Toys

Toys are traditionally thought of more or less as a stimulus and that nothing more of value or importance can be said of them.

Two prominent psychological researchers in particular, Berlyne and Piaget, represent this view. Their intention was to indicate that toys and play are locked in either:

  • stimulating characteristics, or
  • previously existing mental operations.

Where toys are concerned, the characteristics enable them rather:

  • to provoke creative thoughts and actions and
  • to be seen from a semiotic point of view.

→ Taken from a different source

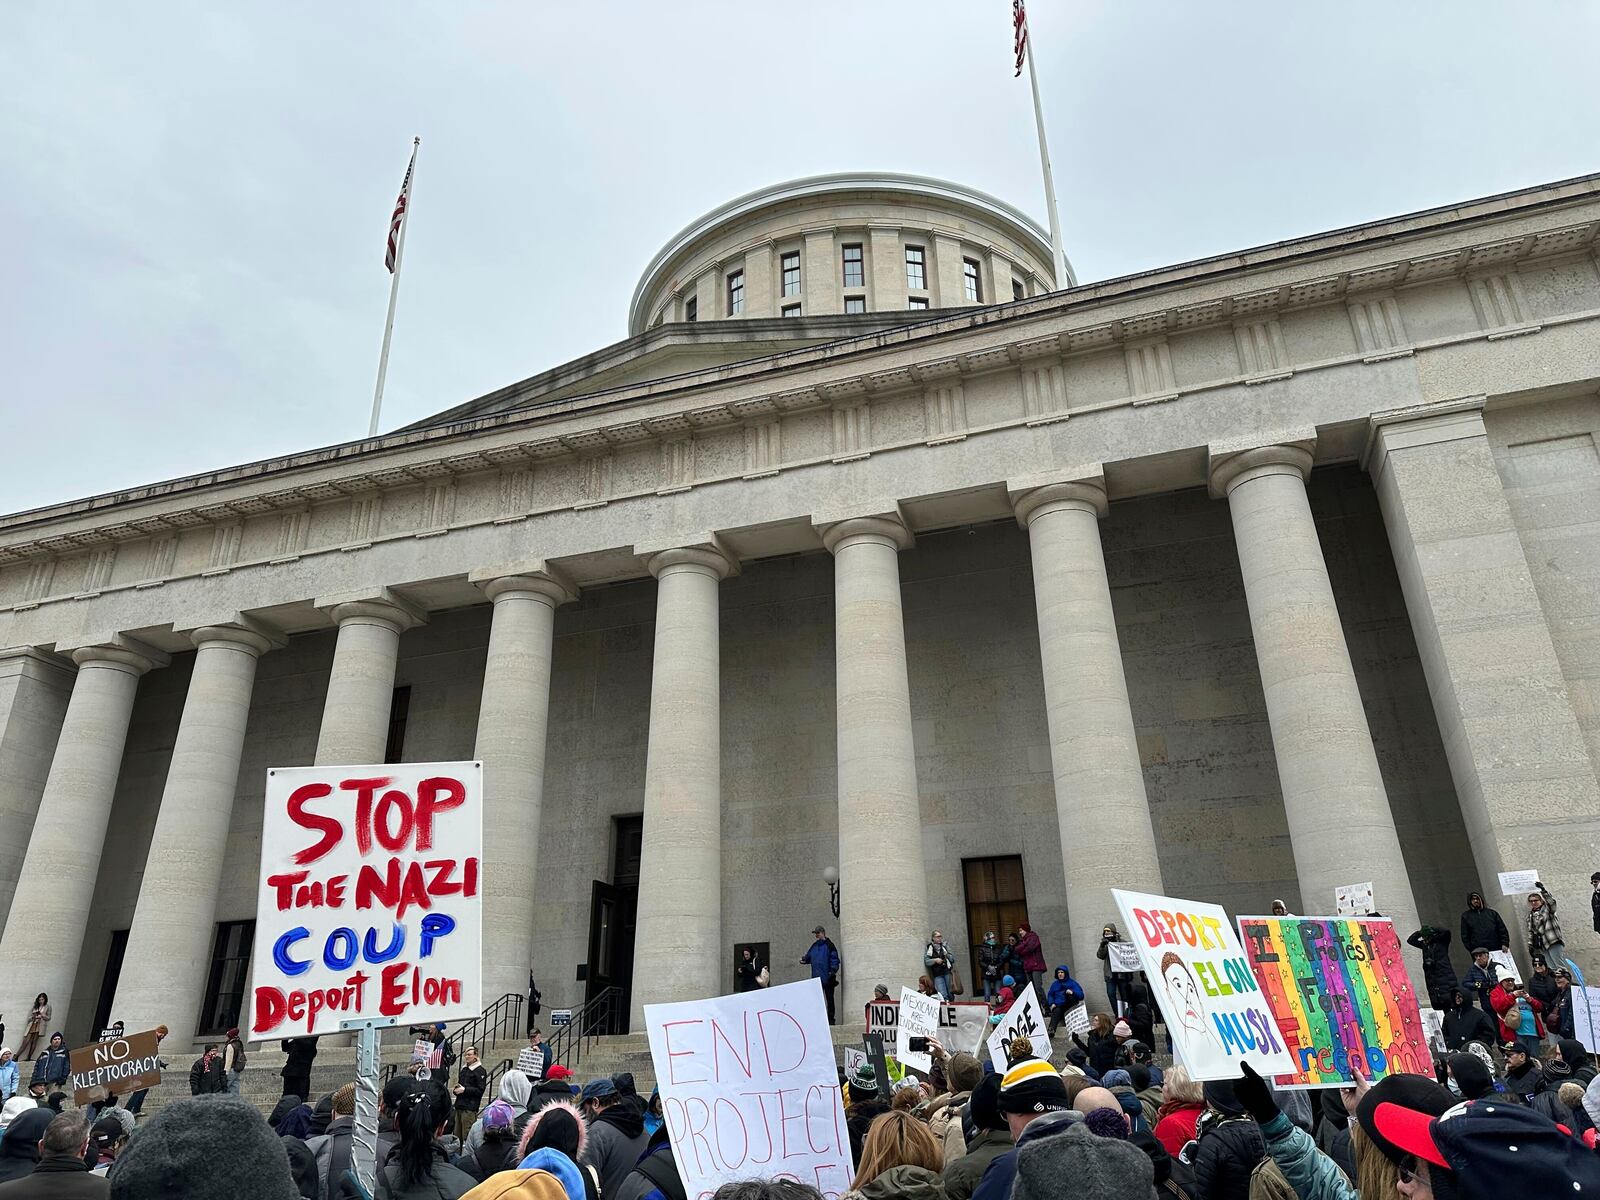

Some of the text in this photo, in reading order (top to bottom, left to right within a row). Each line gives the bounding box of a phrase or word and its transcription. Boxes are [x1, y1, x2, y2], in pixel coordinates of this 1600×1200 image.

This begs the question: What does the user, the person-at-play, think is the most exciting or interesting aspect of play or manipulation with the toy in order to feel power, to gain mastery over things and thoughts - whilst simultaneously having potential to use his senses and emotions in a stimulating way?

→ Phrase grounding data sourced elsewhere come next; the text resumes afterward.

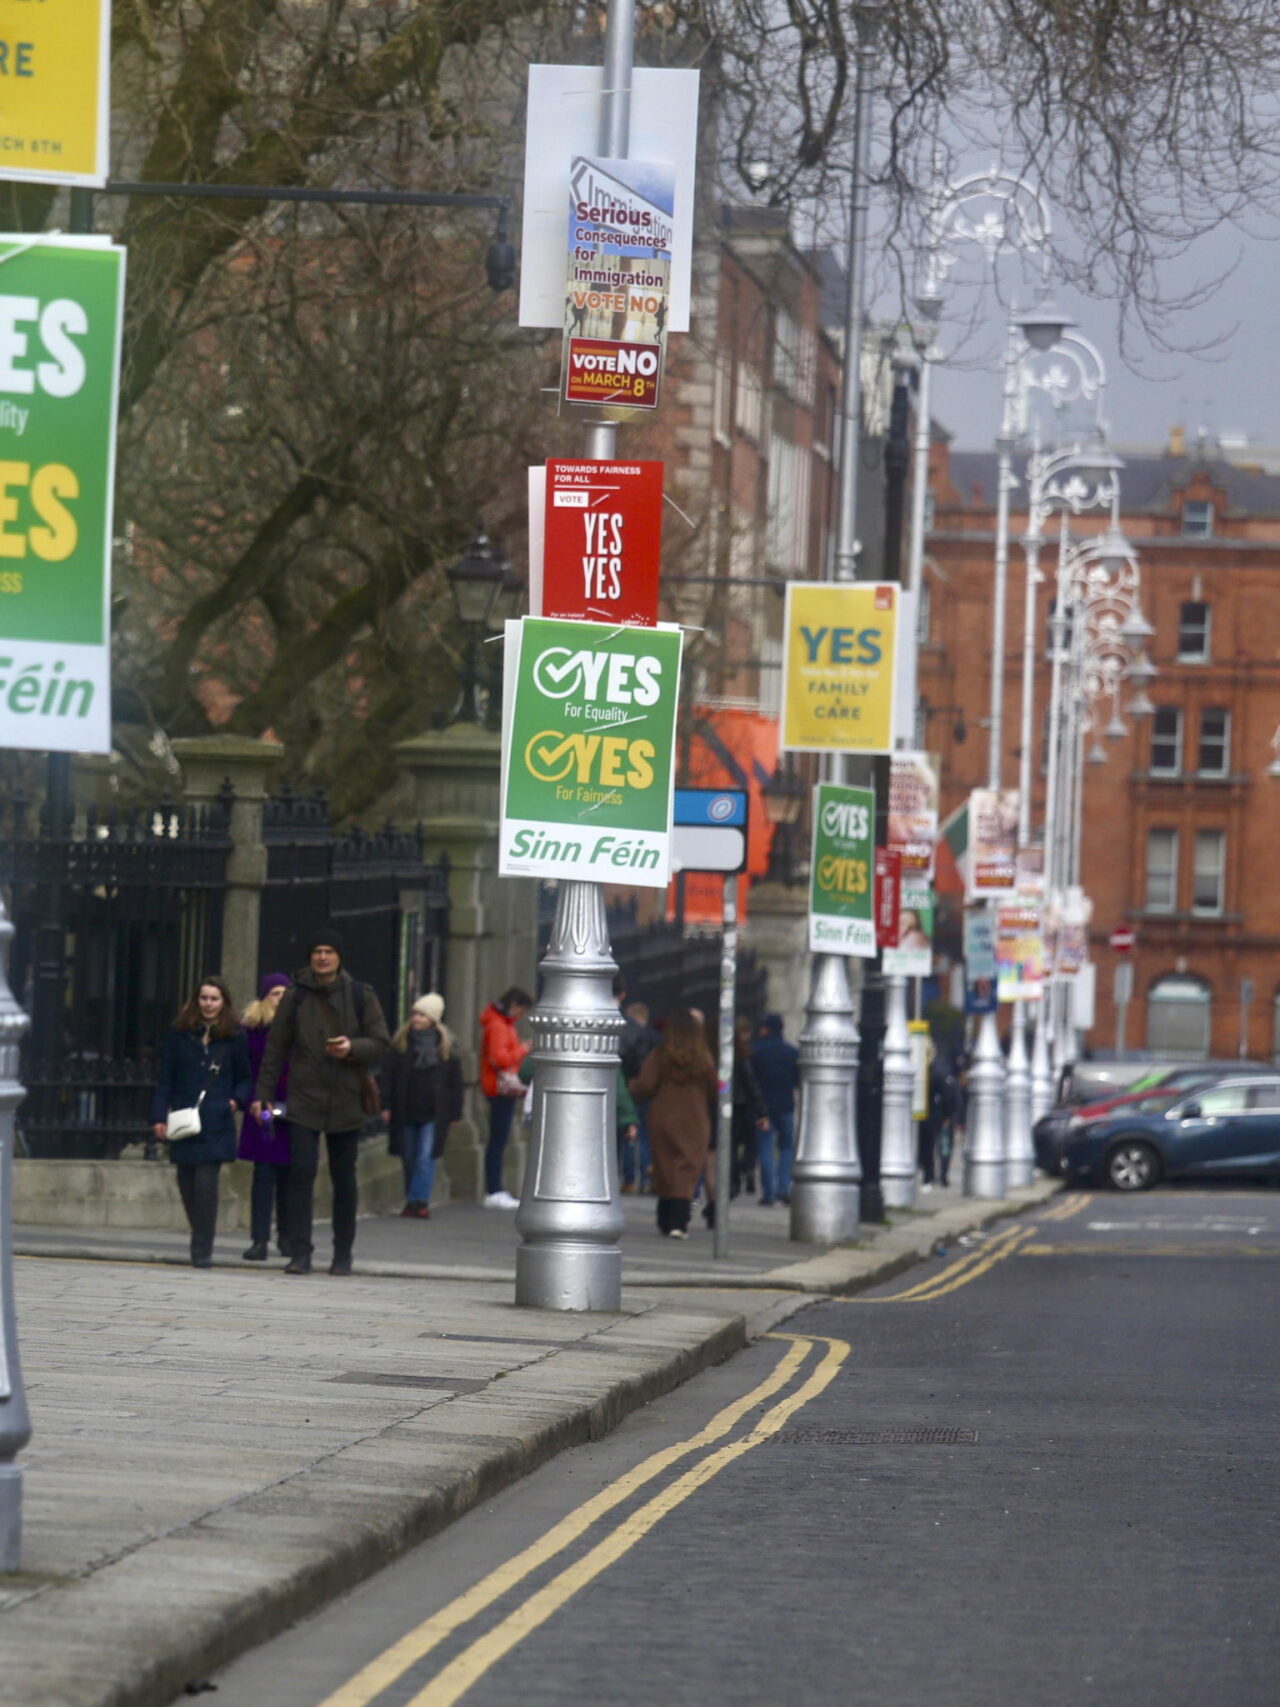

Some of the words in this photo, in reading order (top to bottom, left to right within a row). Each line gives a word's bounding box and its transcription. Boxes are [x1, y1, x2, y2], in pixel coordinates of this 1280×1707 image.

[576, 201, 651, 227] Serious
[575, 228, 667, 249] Consequences
[575, 246, 596, 261] for
[575, 266, 664, 288] Immigration
[572, 290, 625, 312] VOTE
[630, 296, 659, 313] NO
[572, 354, 616, 372] VOTE
[617, 349, 658, 376] NO
[583, 372, 631, 388] MARCH
[554, 465, 598, 475] TOWARDS
[599, 466, 641, 475] FAIRNESS
[554, 475, 573, 483] FOR
[574, 475, 590, 483] ALL
[559, 495, 583, 504] VOTE
[583, 512, 623, 556] YES
[582, 557, 622, 600] YES
[799, 626, 882, 665] YES
[578, 650, 662, 707] YES
[808, 681, 870, 696] FAMILY
[565, 702, 582, 717] For
[585, 704, 629, 722] Equality
[814, 706, 862, 720] CARE
[573, 734, 656, 790] YES
[556, 785, 574, 800] For
[577, 787, 623, 805] Fairness
[509, 829, 583, 862] Sinn
[589, 836, 661, 869] Féin
[814, 921, 843, 941] Sinn
[846, 924, 873, 945] Féin

What kind of image comes closest to that the person-at-play would prefer to see?

What criteria for truth ought to be chosen in order to ensure legitimacy?

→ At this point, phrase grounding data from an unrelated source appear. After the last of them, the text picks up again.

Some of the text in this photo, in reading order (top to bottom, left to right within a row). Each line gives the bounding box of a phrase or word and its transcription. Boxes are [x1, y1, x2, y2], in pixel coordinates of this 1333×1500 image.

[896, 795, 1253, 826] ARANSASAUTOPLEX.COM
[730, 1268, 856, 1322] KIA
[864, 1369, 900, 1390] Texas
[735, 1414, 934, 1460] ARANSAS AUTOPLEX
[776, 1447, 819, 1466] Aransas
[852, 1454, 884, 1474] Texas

Just as the toy’s stimulating characteristics comprise both hegemony and emotion, there are both hegemony and emotion in the child’s own personal imaginative creativity, through which all kinds of barriers are crossed  - suggests Schäfer (1986: 251 - 289) in his dissertation on the development of imagination through play.

It is of course important to point out that children’s use of toys is also generally an expression of their creativity. Play with toys is not only determined by the automatic stimuli related to the type and physical appearance of the toy but other completely invisible factors, “the inner reality” as opposed to the external one, “the inner catastrophe”, etc. which, amongst other things, Schäfer investigates and describes.

Therefore, these descriptions of:

  • How toys are positioned by the person-at-play, the user,
  • How the characteristics of toys provoke creative thoughts and actions,

How the characteristics of toys can be seen from a semiotic point of view which describes how the person-at-play investigates through play to a recognition of the toy’s position.